Organizations are continuing to embrace the world of RSS, blogging and feeds as a new model for learning, sharing and distributing information. There are pilot projects going on all over where users, members of the organization, employees are being given aggregators or taught to use the ones they already have (in Internet Explorer, FireFox, Safari etc.)
They are being shown how to use them to gather information and keep up with what’s going on. This comes from the realization that lots of mission critical and professionally useful information is available in more convenient and timely form through such feeds. The users eyes are popping when they see the power of this stuff. This is happening all around.
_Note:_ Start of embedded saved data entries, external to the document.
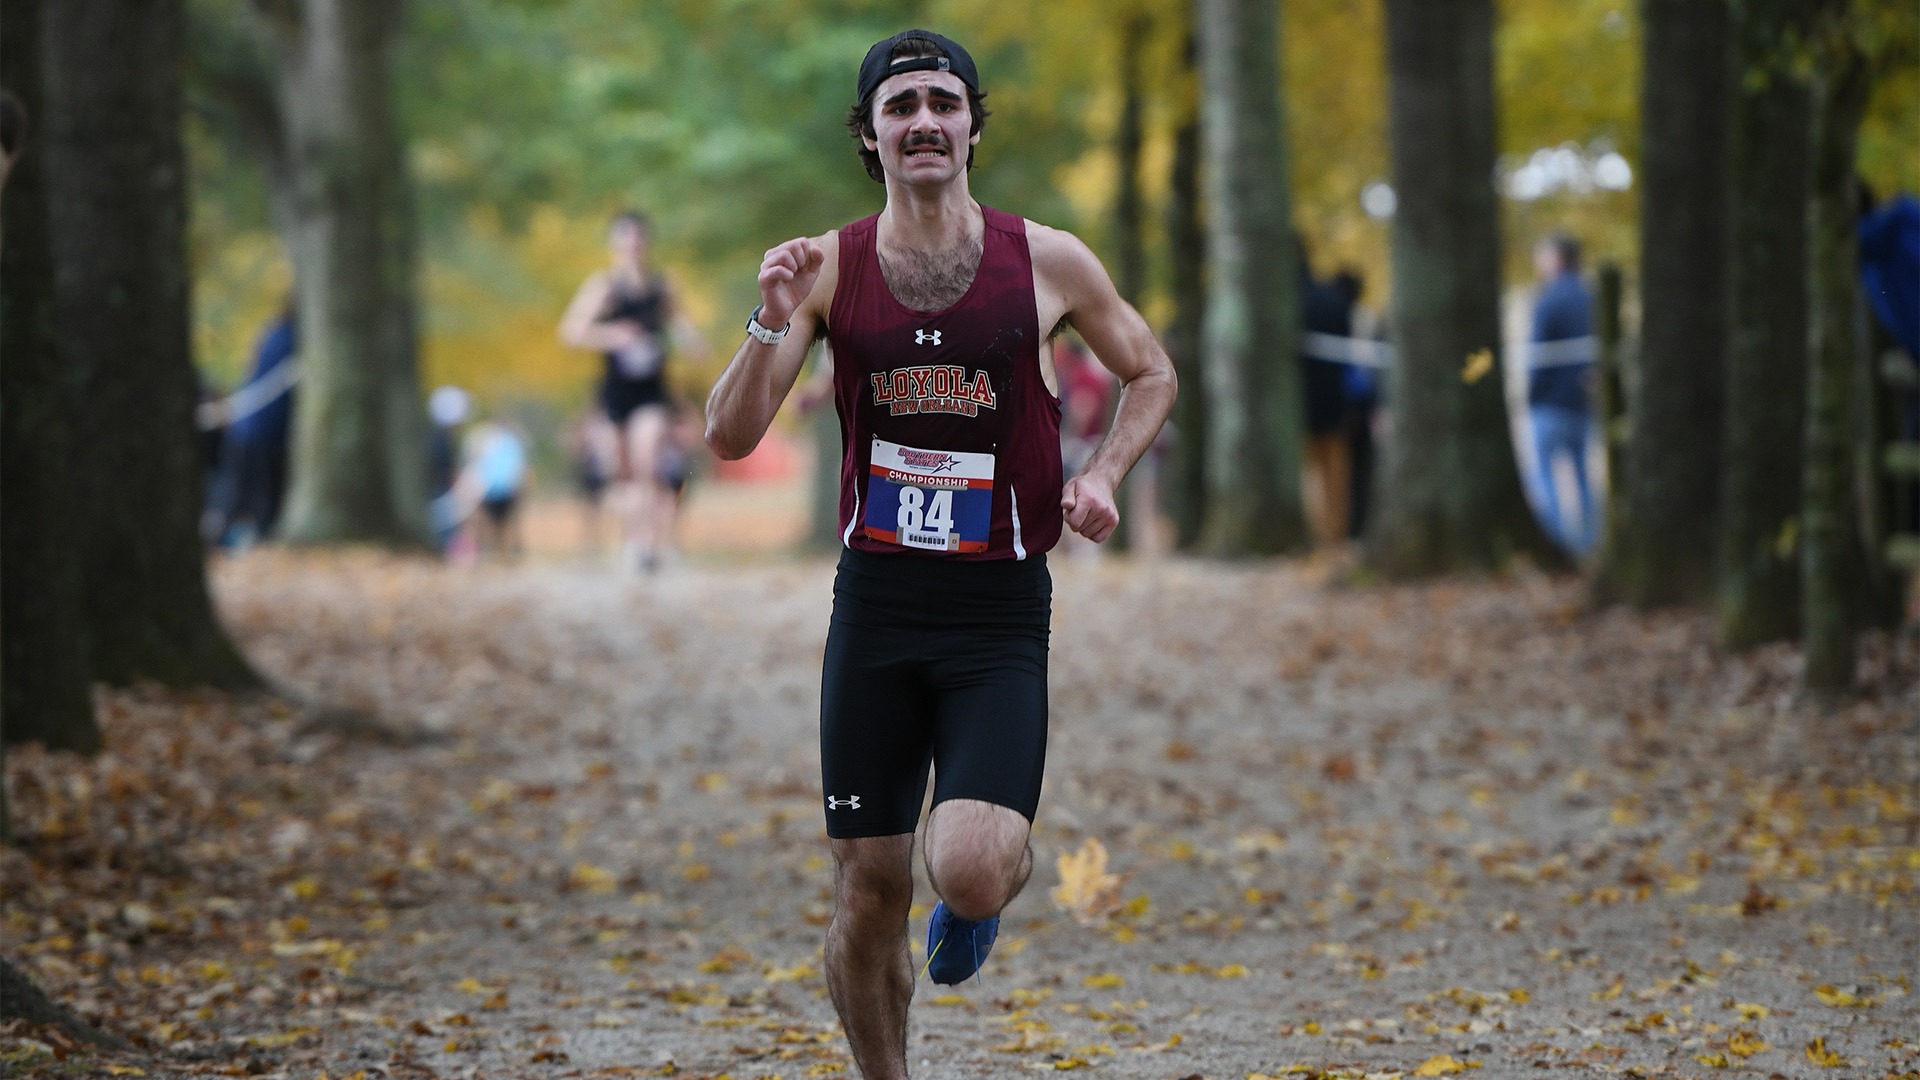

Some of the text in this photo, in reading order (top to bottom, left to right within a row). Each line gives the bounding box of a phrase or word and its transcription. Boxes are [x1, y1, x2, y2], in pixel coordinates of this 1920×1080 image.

[872, 366, 995, 408] LOYOLA
[891, 399, 977, 416] NEW ORLEANS
[898, 448, 948, 461] SOUTHERN
[904, 458, 939, 467] STATES
[889, 471, 969, 486] CHAMPIONSHIP
[897, 486, 954, 533] 84
Invariably one of the very first questions that comes from these new users is: “This rss stuff is cool, but how can I find the good stuff? What do you recommend? How do we know what to look at?” That’s where our Feed Library comes in.
Here is a crucial point that many people will miss but is critical to understand the BlogBridge Feed Library: it is a piece of software that you can install on your own server, inside your firewall. It’s not the content of the library (the books,) it’s the software to organize the library (the building.)
Feed Library (FL) creates a flexible web based structure to showcase Feeds, Reading Lists and Podcasts to employees in your company, or members of your organization. It will be the ’store’ where users can browse and search for recommendations of content to read with their Aggregators. And, here’s the important point: these are recommendations by people in your organization for people in your organization.
Librarians from your own organization organize FL according to what makes sense to your own users. For example:
- a section for Marketing, Engineering, Human Resources and Manufacturing.
- Or perhaps in a different kind of organization, there would be sections for Biology, Medicine, Technology, Management, and Research.
- Or again a different kind of organization, there might be sections for Policy, Government, Public Relations, etc.
You get the idea: the organization of your FL reflects what’s of interest to your users.
There is a whole lot of flexibility built into FL. Individual users can be given areas of library to manage, there is a place for biographical information about librarians, there is a built in announcements blog where you can communicate with your clients, you can completely change the look of the site to match your organizational web site, you can see what the most popular feeds are, and lots more. And of course, there’s RSS and OPML everywhere. So FL will play really nicely with your aggregators and related technology.